Liebe Leser,
Unsere Gesellschaft(en) stehen mal wieder – oder noch immer? – vor riesigen Herausforderungen. Themen wie Klimawandel, Migration, Demographie aber auch geopolitische Herausforderungen wie der völkerrechtswidrige und zu verabscheuende Krieg Russlands gegen die Ukraine bedeuten große Herausforderungen, wobei nicht vergessen werden sollte, dass diese hier als Einzelthemen beschriebenen Themen miteinander in Wechselwirkung stehen und es gut möglich ist, dass weitere Themen hinzukommen werden. Alle diese Themen wirken wie ein riesiger Stresstest für unsere Gesellschaft, ihre Institutionen und Prozesse und es wird zunehmend klar, dass die vorhandenen Modelle, Strukturen sowie Denk- und Handlungsweisen nicht ausreichen, um diese aktuellen und zukünftigen Krisen zu bewältigen.
Wir brauchen einen breiten Diskurs über das, was unsere Gesellschaft sein kann und soll. Wir müssen darüber reden, wie eine Next Society aussehen kann. Und wenn wir das wissen müssen Taten folgen: der Transformationsprozess unserer Gesellschaft ist in vollem Gange.
Ich behaupte, dass der Kultursektor sowohl hinsichtlich des Diskurses als auch hinsichtlich der Taten eine wichtige Rolle als Ort der Transformation, der Auseinandersetzung, des Experiments und des Scheiterns spielen kann und sollte. Ich sehe allerdings die Gefahr, dass diese Option aufgrund vorhandener systemischer Rahmenbedingungen sowie Denk- und Handlungsweisen nicht umgesetzt werden kann.

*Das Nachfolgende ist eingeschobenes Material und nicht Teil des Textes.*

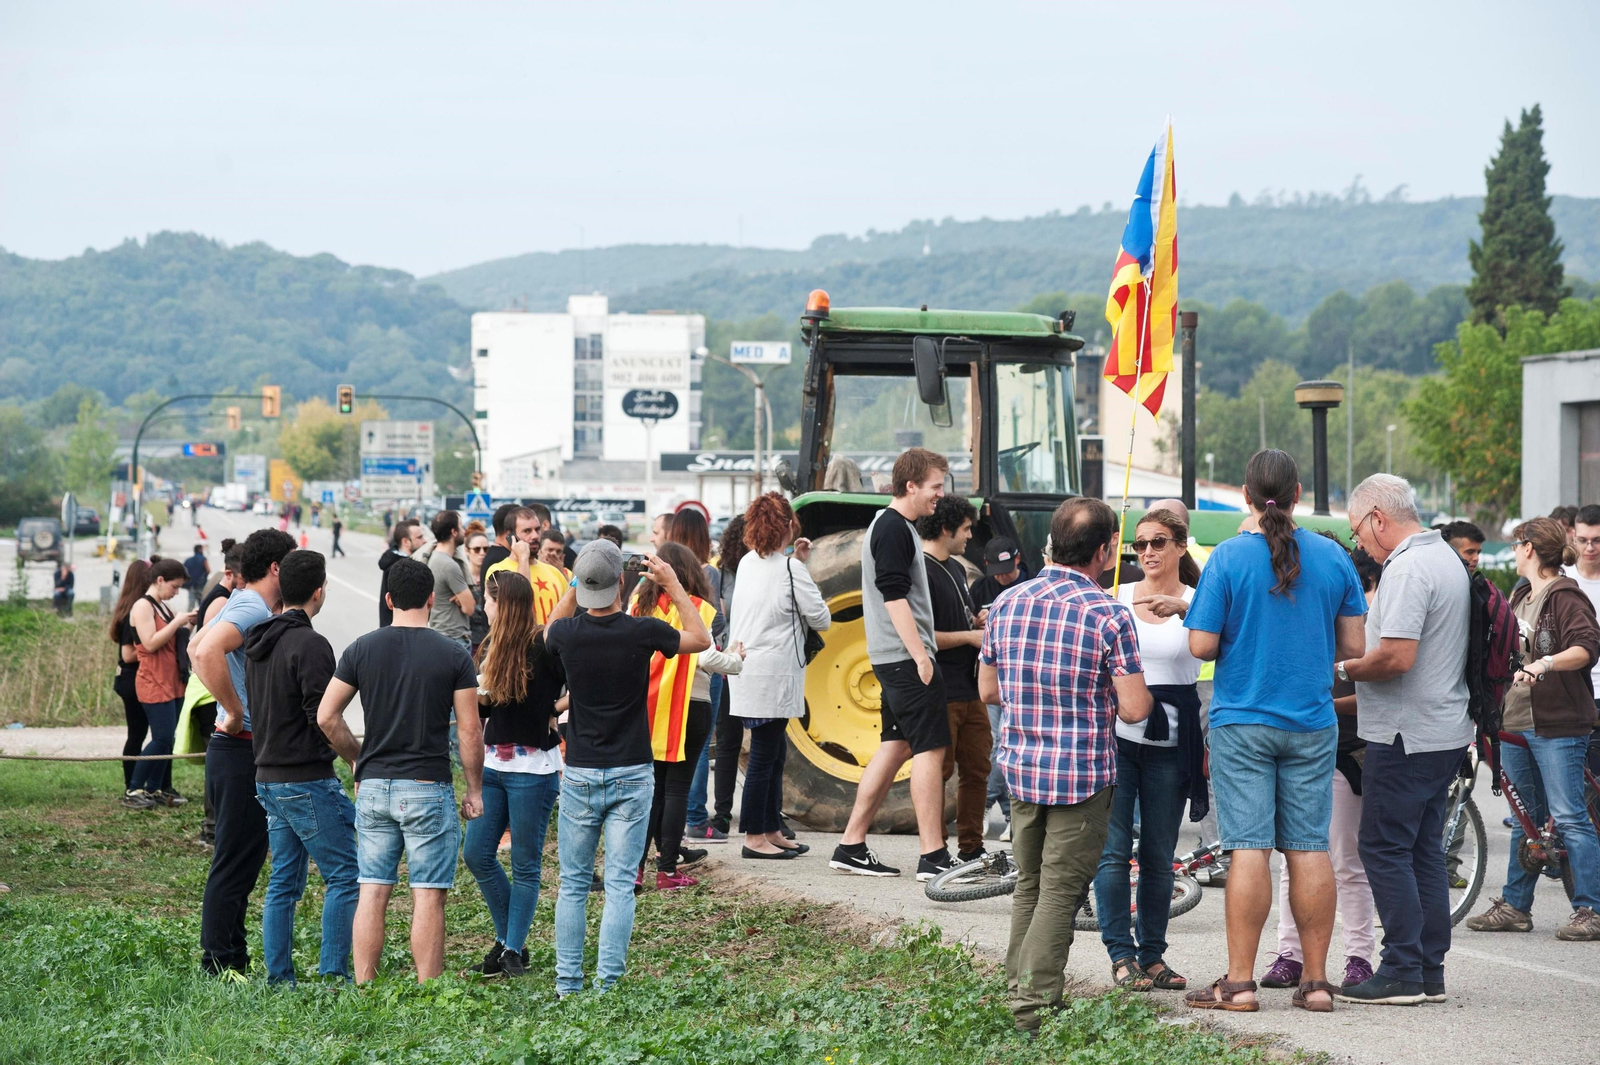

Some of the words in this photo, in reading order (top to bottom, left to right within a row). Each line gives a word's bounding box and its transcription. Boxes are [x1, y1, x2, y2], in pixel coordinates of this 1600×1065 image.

[733, 346, 764, 358] MED
[778, 346, 789, 358] A
[686, 453, 784, 473] Snak

In diesem Beitrag möchte ich die Idee der Next Society aus Sicht einer „Kultur der Digitalität“ beleuchten. Zudem möchte ich diskutieren, was diese „Next Digital Society“ für eine neue Kulturpolitik bedeuten kann, die versucht, gerechter zu agieren und/oder eine gerechtere Gesellschaft zu gestalten.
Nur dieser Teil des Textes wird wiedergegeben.